The obligations of the Company and Perrigo Finance under the New Credit Agreements are unsecured. The obligations of Perrigo Finance under the New Credit Agreements are guaranteed by the Company.
The New Credit Agreements include uncommitted incremental facilities, which, subject to certain conditions, provide for additional term loans and/or revolving loans in an aggregate amount not to exceed the sum of $500.0 million.

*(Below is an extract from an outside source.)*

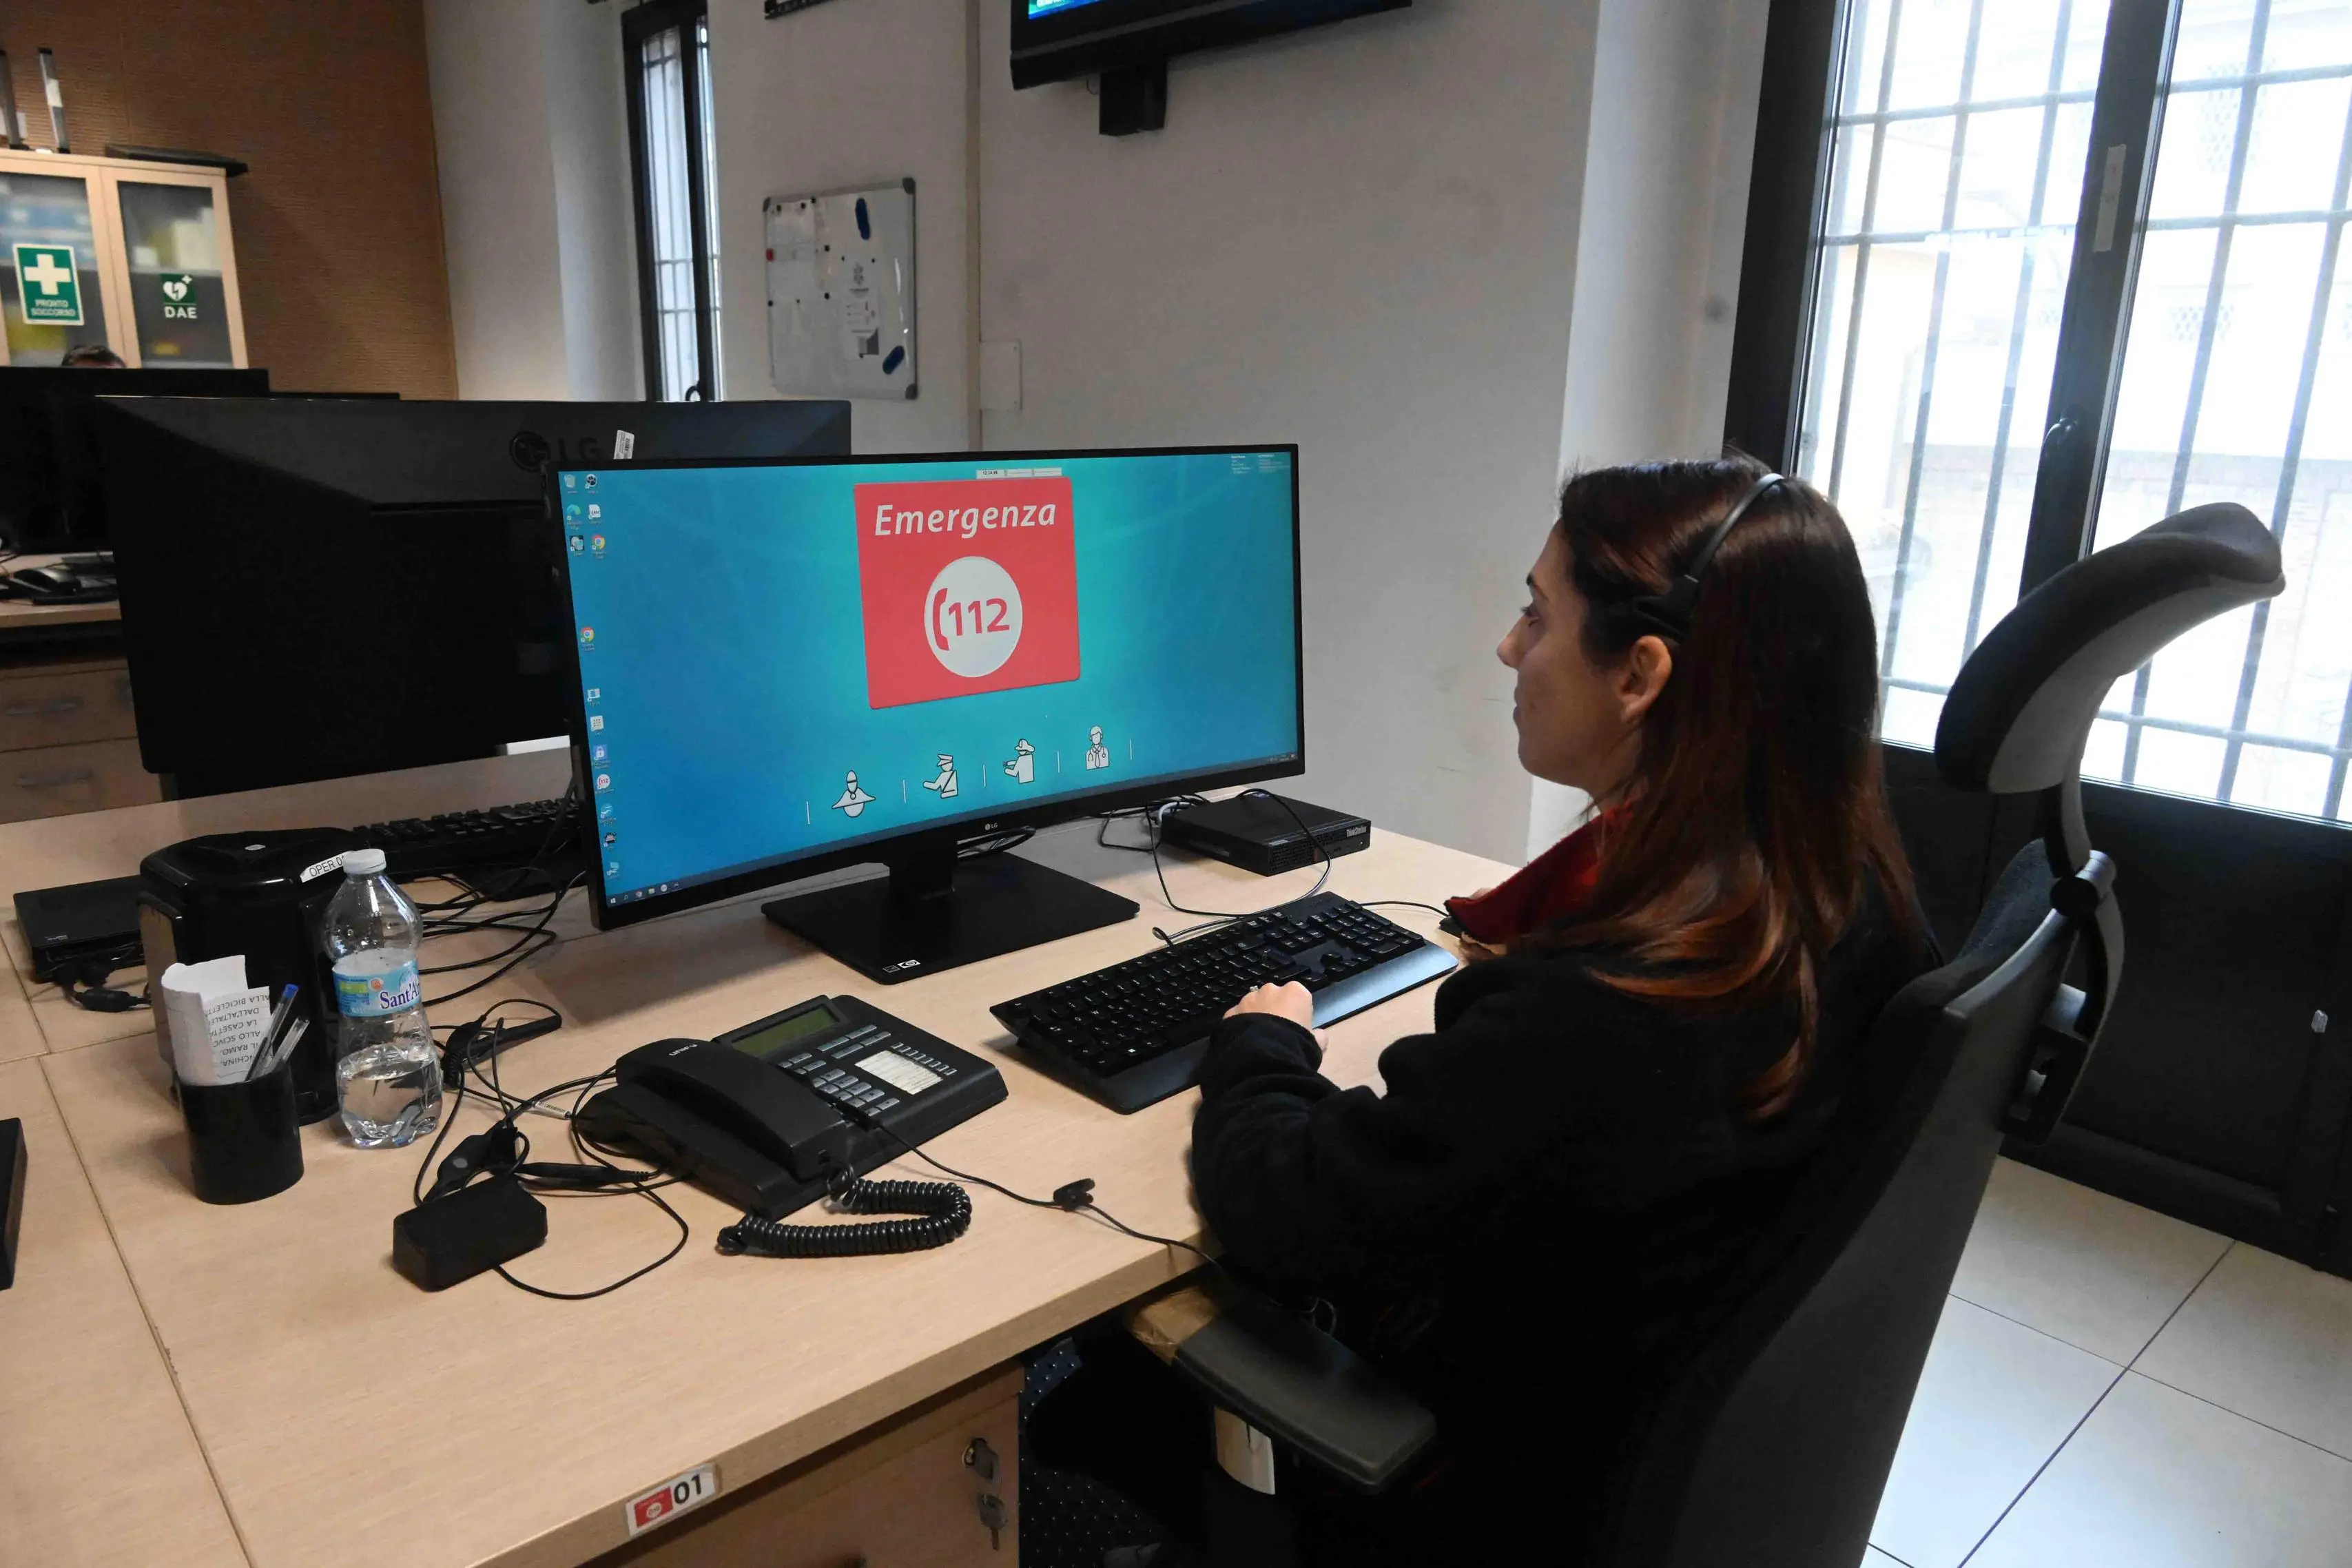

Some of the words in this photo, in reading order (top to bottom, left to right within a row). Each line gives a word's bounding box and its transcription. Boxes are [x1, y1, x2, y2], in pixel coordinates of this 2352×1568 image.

Amounts outstanding under each New Credit Agreement will bear interest, at the Borrowers’ option, either
(i) | at the alternate base rate (defined as the highest of (a) Administrative Agent’s prime rate, (b) the federal funds rate plus 0.50% and (c) the applicable interest rate for a eurodollar loan with a one month interest period beginning on such day plus 1.00% (the “eurodollar rate”)) or |
(ii) | at the eurodollar rate plus, in each case, an applicable margin, which shall vary depending on the debt rating of the Company. In addition, Perrigo Finance has agreed to pay: |
(a) | ticking interest on (1) the unfunded portion of the Delayed Draw 5-Year Tranche and (2) the Acquisition Closing Date Revolving Commitments, in each case, in an amount equal to the applicable ticking interest rate per annum, for the period commencing on January 5, 2015 and ending upon the earlier of the Acquisition Closing Date or the termination of, as applicable, the Delayed Draw 5-year Tranche commitments or Acquisition Closing Date Revolving Commitments; |
(b) | commitment interest on the aggregate daily amount of Delayed Draw 5-Year Tranche commitments in an amount equal to applicable commitment interest rate per annum, for the period commencing on the Acquisition Closing Date and ending on the date the Delayed Draw 5-year Tranche commitments are terminated or otherwise reduced to zero; |
(c) | a commitment fee in respect of the unutilized commitments under the New Revolving Credit Agreement, which shall vary depending on the debt rating of the Company; and |
(d) | upon the issuance of letters of credit under the New Revolving Credit Agreement, a fronting fee, customary issuance and administrative fees and a letter of credit fee equal to the applicable margin for LIBOR borrowings under the New Revolving Credit Agreement. |
The Borrowers may voluntarily prepay the loans and terminate commitments under the New Credit Agreements at any time without premium or penalty.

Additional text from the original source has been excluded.